If $A \leq \mathbb{Q}$ then its ring of endomorphisms is a subring of $\mathbb{Q}$. Its automorphisms are the invertible elements, those $\tfrac ab \in \mathbb{Q}^\times$ such that multiplication by them is both injective (automatic) and surjective (special). An abelian group $A$ is said to be $n$-divisible for an element $n \in \mathbb{Z}\setminus\{0\}$ when $nA = A$, that is, when multiplication by $n$ is surjective. Suppose $\tfrac ab A = A$ with $\gcd(a,b)=1$. Find $u,v$ such that $au+bv=1$, then for $x \in A$, we have $\tfrac 1b x = \tfrac{au+bv}{b} = u \tfrac ab x + v x \in A$, so $A$ is $b$-divisible. By symmetry, since $\tfrac ba = {\left(\tfrac ab\right)}^{-1} \in \newcommand{\Aut}{\operatorname{Aut}}\Aut(A)$ as well, $A$ is $a$-divisible.

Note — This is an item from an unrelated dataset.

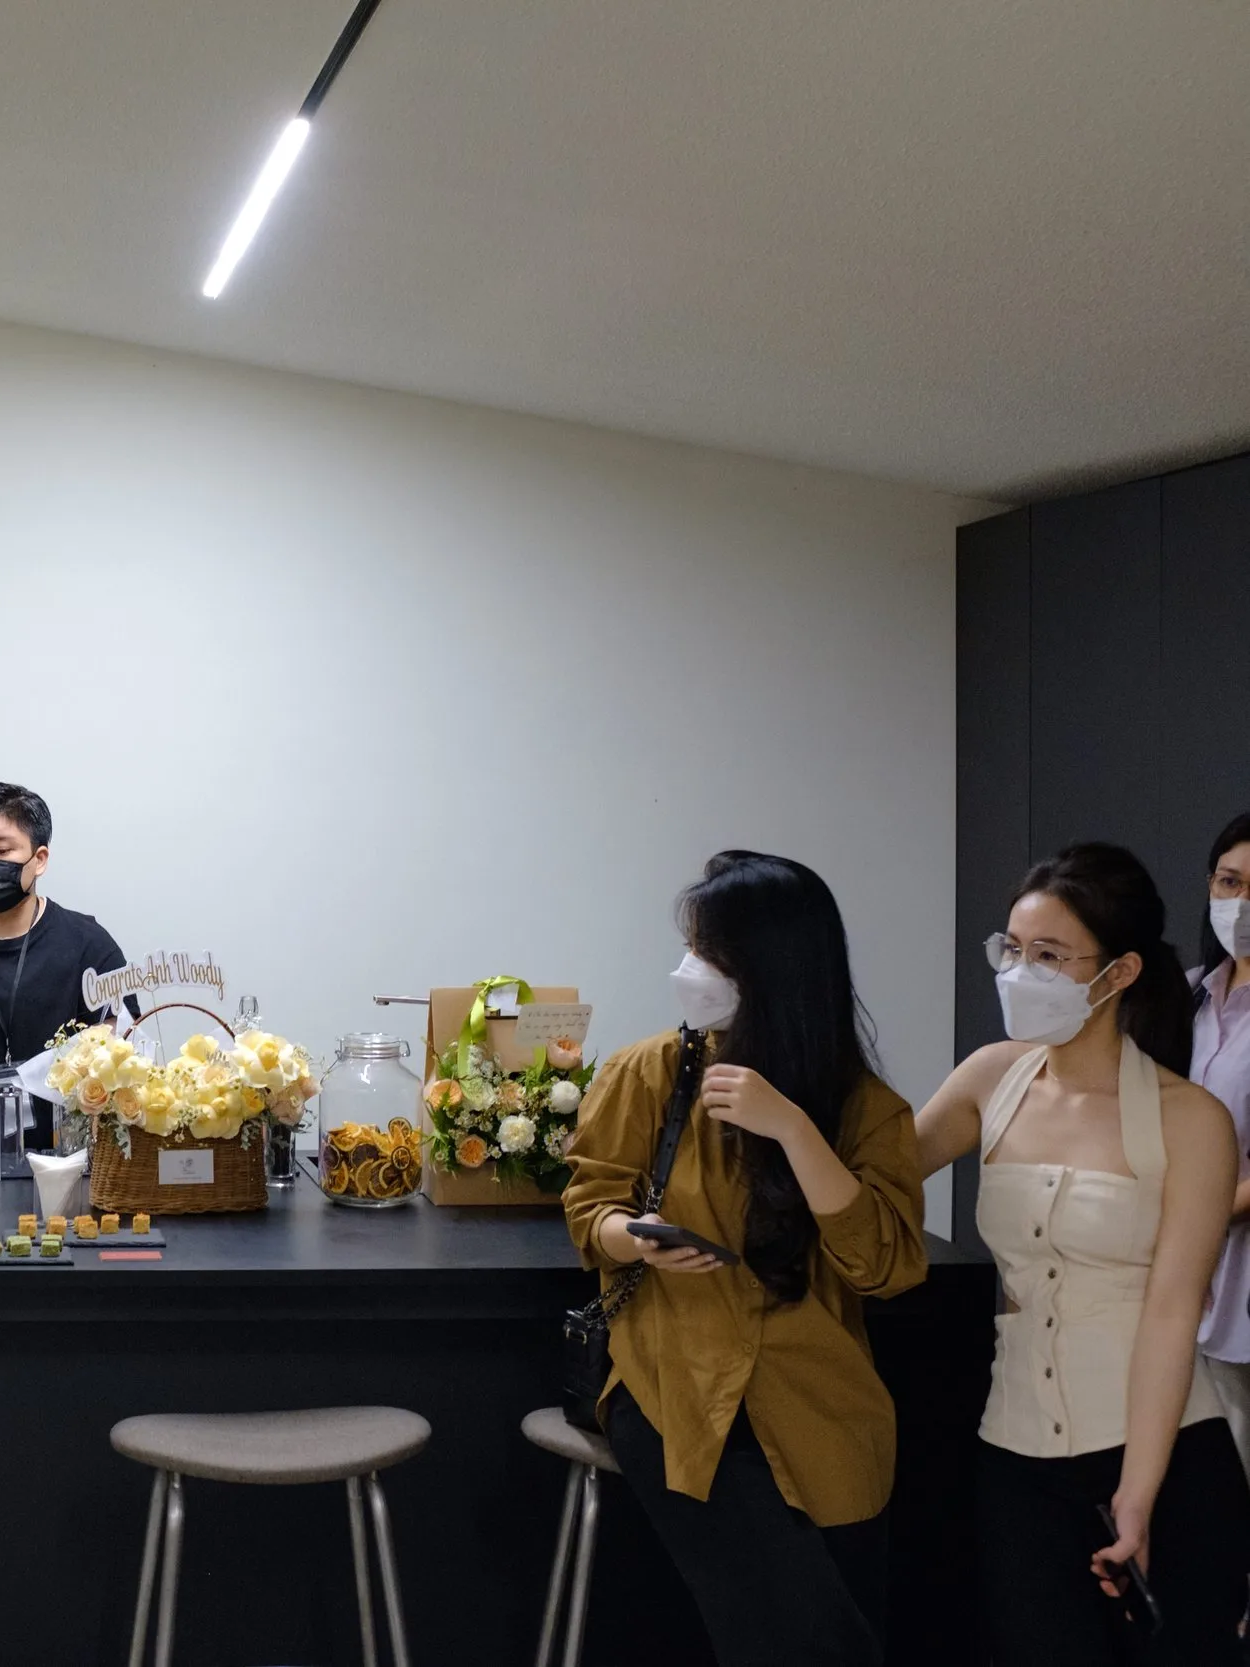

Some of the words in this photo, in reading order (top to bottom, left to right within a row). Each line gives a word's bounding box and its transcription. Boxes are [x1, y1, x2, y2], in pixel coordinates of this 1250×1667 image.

[86, 963, 144, 1011] Congrats
[147, 952, 174, 986] Anh
[172, 952, 225, 1002] Woody

In other words, $\Aut(A) = \left\{ \tfrac ab \in \mathbb{Q}^\times : A \text{ is $a$-divisible and $b$-divisible } \right\}$.
Every abelian group is $1$-divisible and $-1$-divisible, so $Z_2 \cong \{1,-1\} \leq \Aut(A)$. Most torsion-free rank 1 groups are only $1$ and $-1$ divisible, but they might also be $p$-divisible for some primes $p$. If they are, then their automorphism group is bigger. Explicitly, $\Aut(A) \cong Z_2 \times F$, where $F$ is the free abelian group with basis those primes $p$ such that $A$ is $p$-divisible.
For the specific group $A=\left\{ \tfrac ab : a,b \in \mathbb{Z}, b \textrm{ is square-free} \right\}$ that I mention, $A$ is not $p$-divisible for any prime $p$ (since the denominators would eventually be divisible by $p^2$). 
Most torsion-free rank-one $A$ work, you just need to make sure they aren't $p$-divisible for any prime $p$.
Your earlier question ($\Aut(A)$ has a unique element of order 2) was satisfied by all torsion-free rank-one groups.